Mon 02 Aug 2021, 15:31
Great question. These are exactly the type of things I like to think about as well. I once spent an inordinate amount of time researching exactly what state of decay you would expect corpses/skeletons to be in within a tomb after x years, x decades, and x centuries, etc... because I was trying to think of a realistic way to explain the existence of fully structural skeletons within my "ancient tomb". In other words, I wanted to see how "ancient" I could make it and still reasonably have skeletons. It was a real dilemma in my head because even if I wanted to hit the magical preservation button, that in my mind would have produced zombies, since one would thought that such a thing would occur shortly after death before decay to a skeleton state!
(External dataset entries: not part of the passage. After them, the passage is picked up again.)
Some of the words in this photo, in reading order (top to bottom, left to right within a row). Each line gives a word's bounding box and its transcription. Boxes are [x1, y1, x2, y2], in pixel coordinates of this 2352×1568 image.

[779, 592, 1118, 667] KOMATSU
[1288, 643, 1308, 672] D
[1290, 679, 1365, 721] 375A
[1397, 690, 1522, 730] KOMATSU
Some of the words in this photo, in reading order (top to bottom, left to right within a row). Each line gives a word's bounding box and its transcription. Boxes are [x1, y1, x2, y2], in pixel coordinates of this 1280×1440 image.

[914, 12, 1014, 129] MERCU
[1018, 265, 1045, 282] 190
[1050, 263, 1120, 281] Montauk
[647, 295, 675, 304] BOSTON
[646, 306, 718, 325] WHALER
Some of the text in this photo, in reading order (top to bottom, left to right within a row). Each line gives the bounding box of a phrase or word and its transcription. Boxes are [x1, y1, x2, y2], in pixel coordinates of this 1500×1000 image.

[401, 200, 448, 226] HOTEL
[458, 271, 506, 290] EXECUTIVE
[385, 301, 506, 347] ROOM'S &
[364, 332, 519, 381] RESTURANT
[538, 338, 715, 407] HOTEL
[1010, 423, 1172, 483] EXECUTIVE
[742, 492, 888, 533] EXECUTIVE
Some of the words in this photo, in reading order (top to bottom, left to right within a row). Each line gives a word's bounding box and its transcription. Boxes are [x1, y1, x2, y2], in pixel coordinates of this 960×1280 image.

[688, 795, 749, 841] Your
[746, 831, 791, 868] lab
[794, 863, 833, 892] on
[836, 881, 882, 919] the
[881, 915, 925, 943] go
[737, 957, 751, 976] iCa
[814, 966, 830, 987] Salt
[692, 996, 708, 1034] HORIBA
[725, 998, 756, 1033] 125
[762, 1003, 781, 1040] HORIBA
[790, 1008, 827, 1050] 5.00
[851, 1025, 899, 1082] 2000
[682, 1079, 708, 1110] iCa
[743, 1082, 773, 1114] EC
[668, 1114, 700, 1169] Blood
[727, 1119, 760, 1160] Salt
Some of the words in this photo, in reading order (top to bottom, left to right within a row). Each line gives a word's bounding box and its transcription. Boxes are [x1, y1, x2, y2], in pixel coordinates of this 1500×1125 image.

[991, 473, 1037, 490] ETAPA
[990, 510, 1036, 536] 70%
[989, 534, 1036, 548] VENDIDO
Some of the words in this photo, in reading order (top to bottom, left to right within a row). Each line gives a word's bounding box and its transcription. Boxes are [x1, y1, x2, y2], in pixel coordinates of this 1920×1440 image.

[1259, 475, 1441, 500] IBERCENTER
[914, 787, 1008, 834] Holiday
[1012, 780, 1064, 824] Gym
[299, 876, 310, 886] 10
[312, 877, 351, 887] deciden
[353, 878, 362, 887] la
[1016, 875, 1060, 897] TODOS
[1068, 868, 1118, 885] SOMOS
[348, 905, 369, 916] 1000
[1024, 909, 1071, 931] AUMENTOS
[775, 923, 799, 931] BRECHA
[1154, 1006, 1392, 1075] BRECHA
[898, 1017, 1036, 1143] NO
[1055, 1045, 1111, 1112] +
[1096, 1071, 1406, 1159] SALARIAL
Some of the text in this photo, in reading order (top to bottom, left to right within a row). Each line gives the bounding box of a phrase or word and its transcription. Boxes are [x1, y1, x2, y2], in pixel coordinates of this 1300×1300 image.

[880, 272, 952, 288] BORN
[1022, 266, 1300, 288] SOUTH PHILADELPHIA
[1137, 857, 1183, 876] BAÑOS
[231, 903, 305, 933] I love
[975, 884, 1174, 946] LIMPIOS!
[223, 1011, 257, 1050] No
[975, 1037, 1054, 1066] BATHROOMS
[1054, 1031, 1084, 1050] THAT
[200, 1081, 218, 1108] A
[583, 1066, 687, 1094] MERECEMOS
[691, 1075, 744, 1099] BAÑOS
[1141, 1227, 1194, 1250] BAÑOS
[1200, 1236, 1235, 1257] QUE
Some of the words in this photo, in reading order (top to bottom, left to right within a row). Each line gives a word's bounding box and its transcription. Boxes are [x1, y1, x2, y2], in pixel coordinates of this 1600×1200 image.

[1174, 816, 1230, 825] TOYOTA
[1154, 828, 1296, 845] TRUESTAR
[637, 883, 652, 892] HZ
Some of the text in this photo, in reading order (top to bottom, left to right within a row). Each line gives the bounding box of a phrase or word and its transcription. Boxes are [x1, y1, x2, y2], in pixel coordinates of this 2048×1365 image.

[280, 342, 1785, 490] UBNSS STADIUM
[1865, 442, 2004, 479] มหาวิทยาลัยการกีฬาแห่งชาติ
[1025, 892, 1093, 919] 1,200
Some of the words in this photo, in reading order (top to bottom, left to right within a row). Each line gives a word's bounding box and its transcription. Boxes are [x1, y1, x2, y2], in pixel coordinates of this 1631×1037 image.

One thing that really strikes me about Tolkien's setting is how incredibly ancient Middle earth history really is. The Third age alone is nearly 4,000 years at the time of our setting ... or in real world equivalent, basically encompanssing most of the entirety of written human history in just one age! In real world timeline equivalent, the end of Numenor and the Second age would precede a lot of the recorded history in the Old Testament of the Bible.That really gives perspective to a place like Gondor... it's basically like saying a country today is a direct surviving remnant of a civilization that predates Classical Greek Civ in the real world by about 1,500 years! I suppose the close real world paradign would be the modern nation state of Israel (atleast as it perceives itself). So when we are talking weapons and armor from the first age of middle earth, that would be equivalent to saying leather armor from Neolithic hunter/gatherers is still preserved today! (As mentioned above, completely possible in an anaerobic environment, but pretty hard to imagine elsewise.
Then again... there is alway punching the easy button and saying magic did it, it is fantasy after all.